Healthy Black Kids Die More Often Than White Kids: Study

New Delhi: Black children had a greater risk of suffering complications and death than White children Within 30 days from their surgeries, and were nearly 3.5 times more likely to die within that time period, according to new research published in the journal Pediatrics.

It’s well known that Black people have higher rates of poor outcomes after surgery than their White counterparts.

The prevailing cause of such disparity may be that, before surgery, Black adults have higher rates of chronic diseases — in addition to other potential factors such as implicit bias and structural racism.

Whether these same disparities exist among different races in healthy children, who are expected to have lower risk, hadn’t been studied until now. Prior related research on children included analyses of those who had more serious diseases and disorders.

That complications and death still occurred at a higher rate for even healthy Black children in comparison to White peers who participated in the study highlighted that pre-surgery disease isn’t the only factor leading to post-operation misfortune, the researchers said.

“Healthy kids have low complication rates,” said Dr. Olubukola Nafiu, lead author of the study and pediatric anesthesiologist and vice chair for academic affairs and research at Nationwide Children’s Hospital, in a press release.

“The expectation should be that complication rates and/or mortality among healthy children won’t vary based on racial category — what we found is that they do,” Nafiu said.

“Although these findings are unsurprising, they are still nonetheless terrifying and unacceptable,” said Chicago pediatrician Dr. Nia Heard-Garris, who chairs the minority health, equity and inclusion committee of the American Academy of Pediatrics.

“To think of any children dying after surgery is distressing; however, children who have no or mild illness prior to surgery and to go on to experience complications, adverse events, or even death requires immediate attention and action,” said Heard-Garris, who was not involved in the study.

Being Black “isn’t the problem” that leads to disparities in health care, she added. “How our society treats, discriminates against, and denies equity to African Americans and other peoples of color encapsulates the problem and inexcusable deaths.”
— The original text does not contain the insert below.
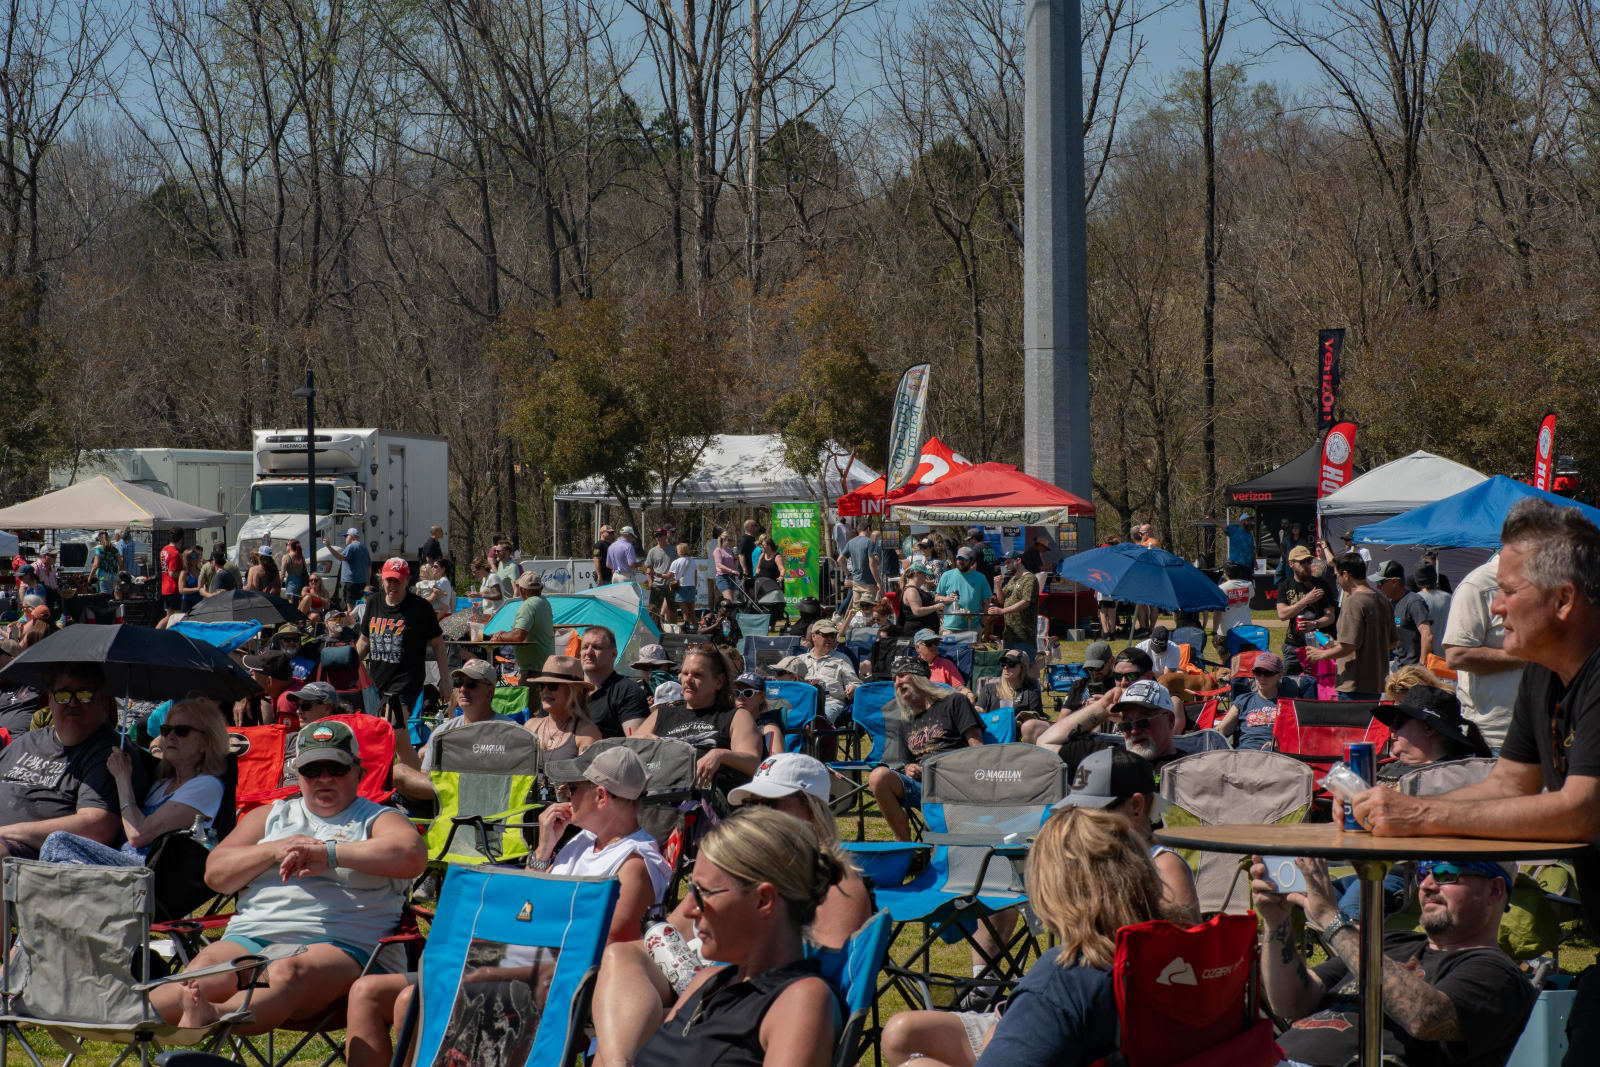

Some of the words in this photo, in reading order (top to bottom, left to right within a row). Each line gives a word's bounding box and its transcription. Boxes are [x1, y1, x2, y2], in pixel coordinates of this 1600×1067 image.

In addition to their higher risk of death within 30 days, Black children had an 18% greater chance of developing complications.

These kids also had a 7% higher likelihood of developing “serious adverse events,” especially bleeding that required blood transfusions, and sepsis — the malfunctioning of organs, shock and death as a result of the body’s response to harmful bacteria or viruses in the blood or tissues.

Black children, moreover, were at greater risk for undergoing surgeries and intubations for a second time that weren’t part of the plan.

The children in the study were under 17 and part of the National Surgical Quality Improvement Program-Pediatric database from 2012 to 2017.

The program is generally a reporting system designed to collect the outcomes of children undergoing surgical procedures at different medical sites in the United States.

Children included were those who underwent inpatient surgeries and who ranged from being normally healthy to being afflicted by mild disease such as seizure disorders.

More children of both races were mildly sick than completely healthy, and they had similar low rates of different disorders and diseases before surgery.

Among 172,549 children, the overall occurrence of death, post-surgery complications and other serious adverse events such as heart attack, sepsis, readmission or reoperation was low.